The evidence behind it
Sweller & Cooper (1985) demonstrated that novice learners who studied worked examples learned more effectively than those who attempted problem-solving, because worked examples reduce extraneous cognitive load — students can focus on understanding the procedure rather than searching for a solution path. Atkinson et al. (2000) synthesised the worked examples research and identified key design principles: examples must include explanatory annotations (not just steps), and the transition from examples to independent practice should be gradual. Renkl (2014) refined the theory, showing that self-explanation prompts embedded in worked examples significantly enhance learning because they promote germane processing. The fading approach — where worked examples gradually omit steps, creating "completion problems" — was shown by van Merriënboer & Kirschner (2018) to be more effective than an abrupt transition from examples to problems. Critically, Kalyuga et al. (2003) demonstrated the expertise reversal effect: worked examples that help novices become counterproductive for advanced learners, who learn better from problem-solving. This means fading must be calibrated to student expertise.
Sources
- Sweller & Cooper (1985) — The use of worked examples as a substitute for problem solving in learning algebra
- Atkinson et al. (2000) — Learning from examples: instructional principles from the worked examples research
- Renkl (2014) — Toward an instructionally oriented theory of example-based learning
- Kalyuga et al. (2003) — The expertise reversal effect (when worked examples become counterproductive)

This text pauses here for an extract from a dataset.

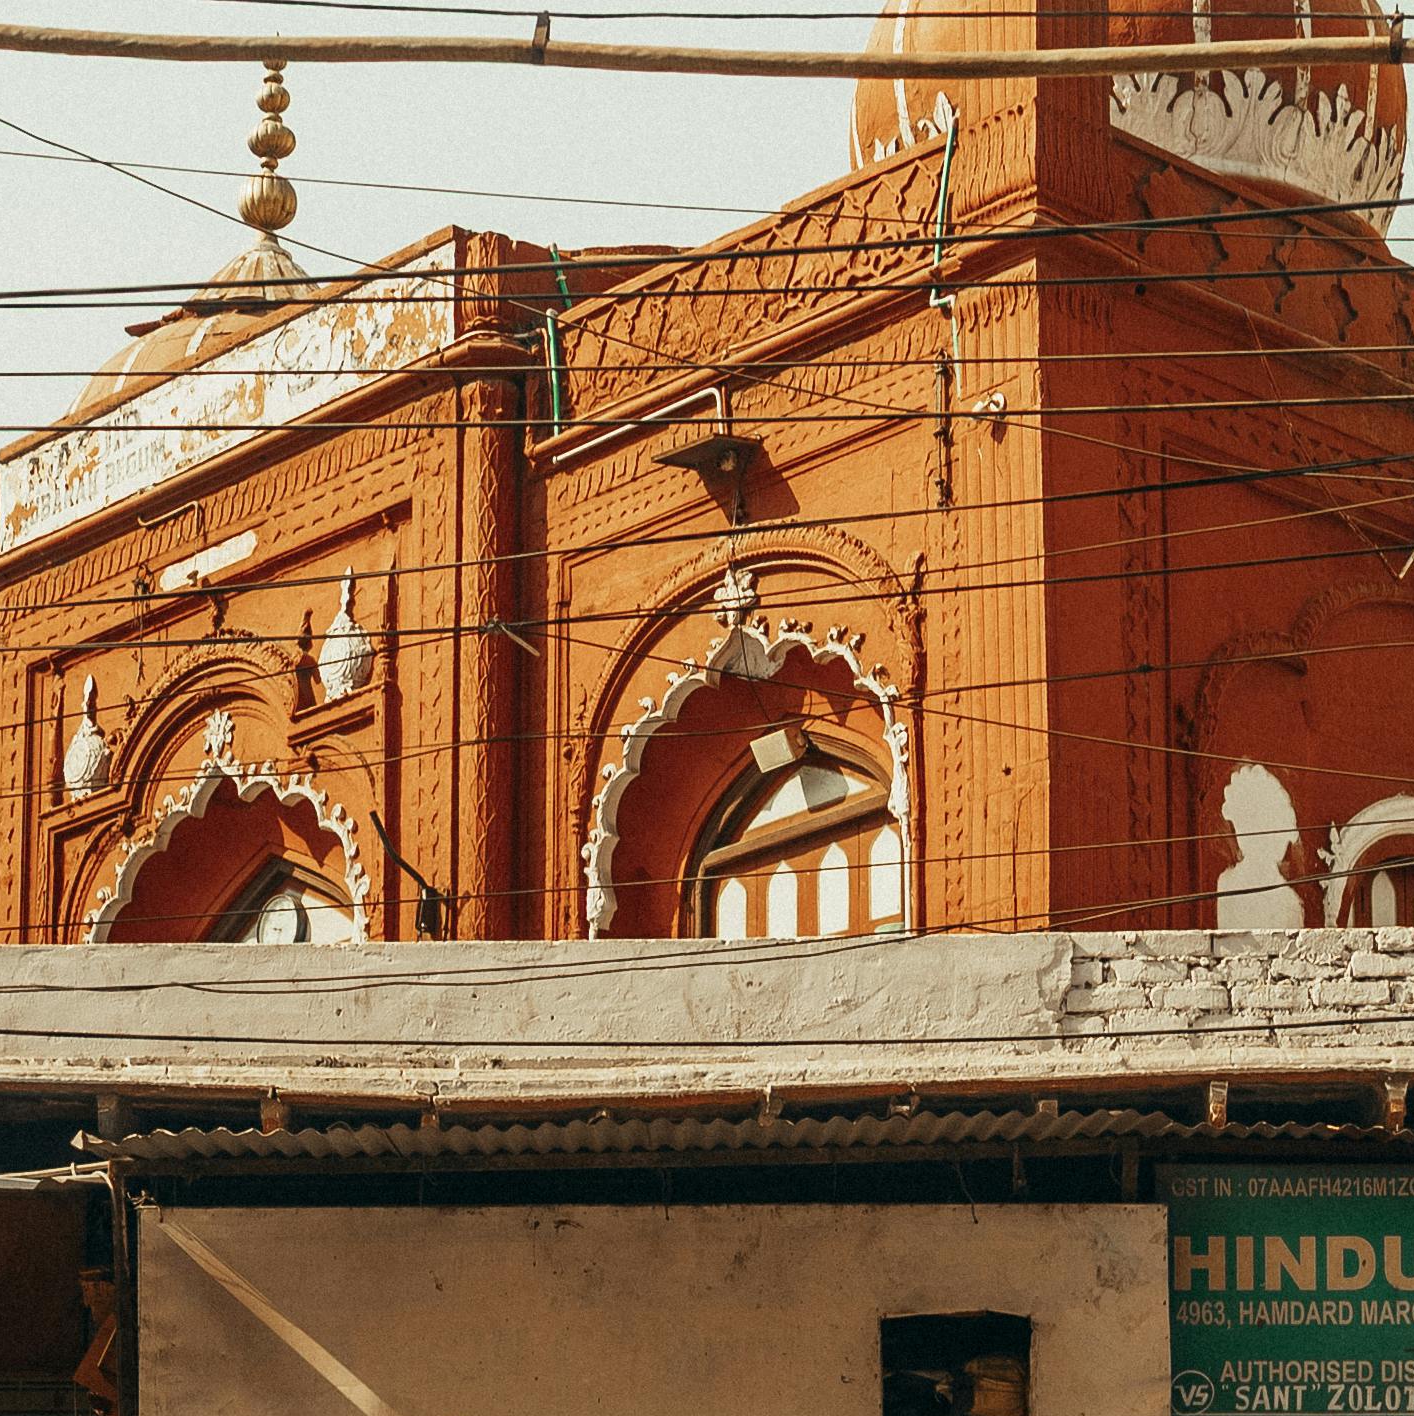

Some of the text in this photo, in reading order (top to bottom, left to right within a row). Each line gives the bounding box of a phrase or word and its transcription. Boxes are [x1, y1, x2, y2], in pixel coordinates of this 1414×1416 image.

[1214, 1177, 1232, 1197] IN
[1176, 1299, 1232, 1330] 4963,
[1239, 1300, 1354, 1326] HAMDARD
[1220, 1360, 1374, 1384] AUTHORISED

- van Merriënboer & Kirschner (2018) — Ten Steps to Complex Learning: fading and scaffolding principles
How to use it in your lesson
For the best results with EvidenceLesson, give it:
- skill_to_teach — The specific procedure or skill students need to learn
- student_level — Age/year group and expertise level (novice/developing/advanced)

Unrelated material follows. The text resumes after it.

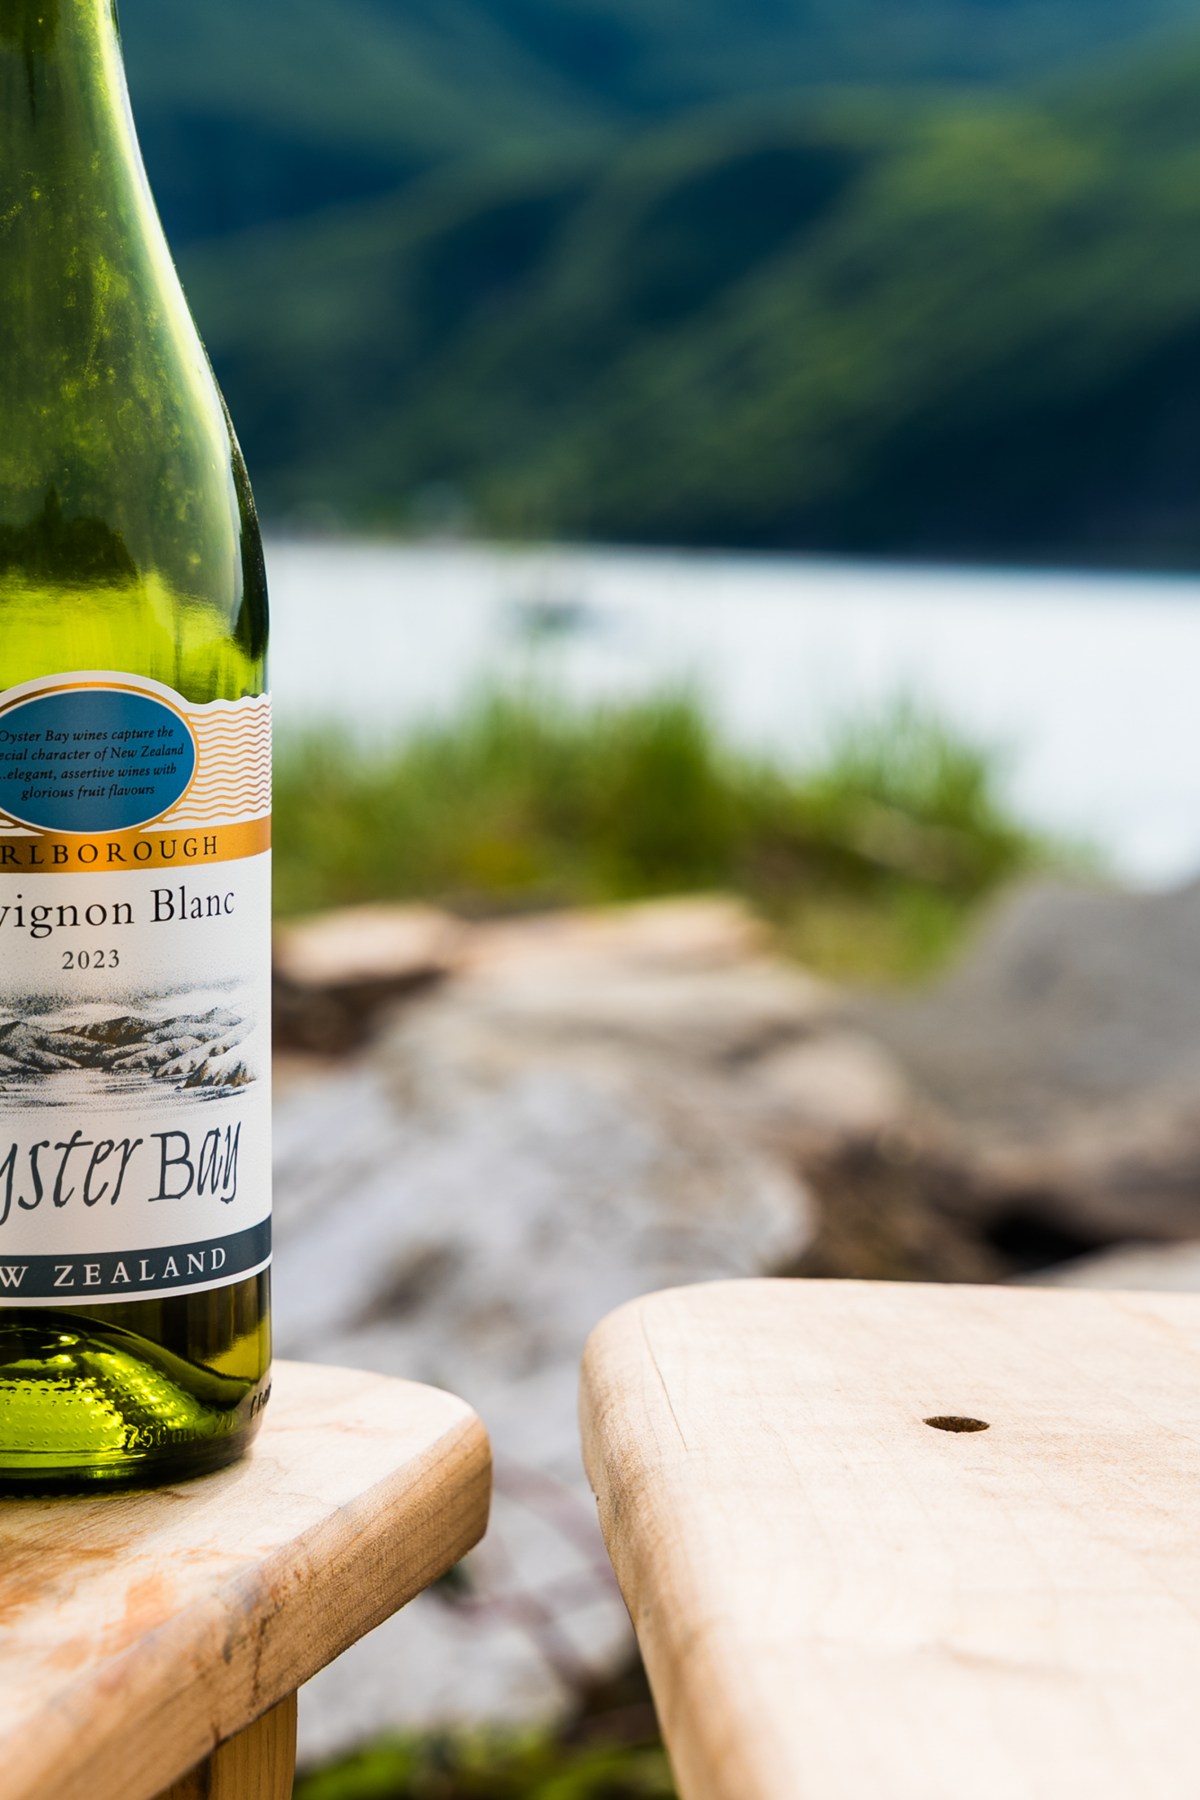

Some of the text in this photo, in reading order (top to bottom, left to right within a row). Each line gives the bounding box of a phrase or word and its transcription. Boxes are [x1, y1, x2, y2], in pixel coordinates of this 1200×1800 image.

- steps_in_procedure — Approximate number of steps in the complete procedure
- common_errors (optional) — Known errors students typically make with this procedure
- student_profiles (optional) — From context engine: individual student readiness data
- prior_knowledge (optional) — What students already know that this skill builds on
Known limitations
- Worked examples are most effective for procedural skills with clear steps. For tasks that are primarily conceptual, creative, or require judgment (e.g., writing an essay, designing an experiment), the step-by-step worked example format is less applicable. The skill can still produce useful models, but the fading sequence may not transfer as cleanly to open-ended tasks.
- The fading sequence assumes relatively homogeneous student readiness. In a mixed-ability class, some students will need more fading stages and some fewer. Teachers should use Completion Problem 2 as a checkpoint — if a student is accurate, move them forward faster. If they're struggling, provide an additional worked example with different numbers before continuing the fade.
- Surface feature variation in independent practice is crucial but hard to fully anticipate. If all practice problems look too similar to the worked example, students may develop inflexible knowledge that only works for problems that look like the example. The skill attempts to vary surface features, but teachers should add further variations based on their knowledge of what problem formats appear in assessments.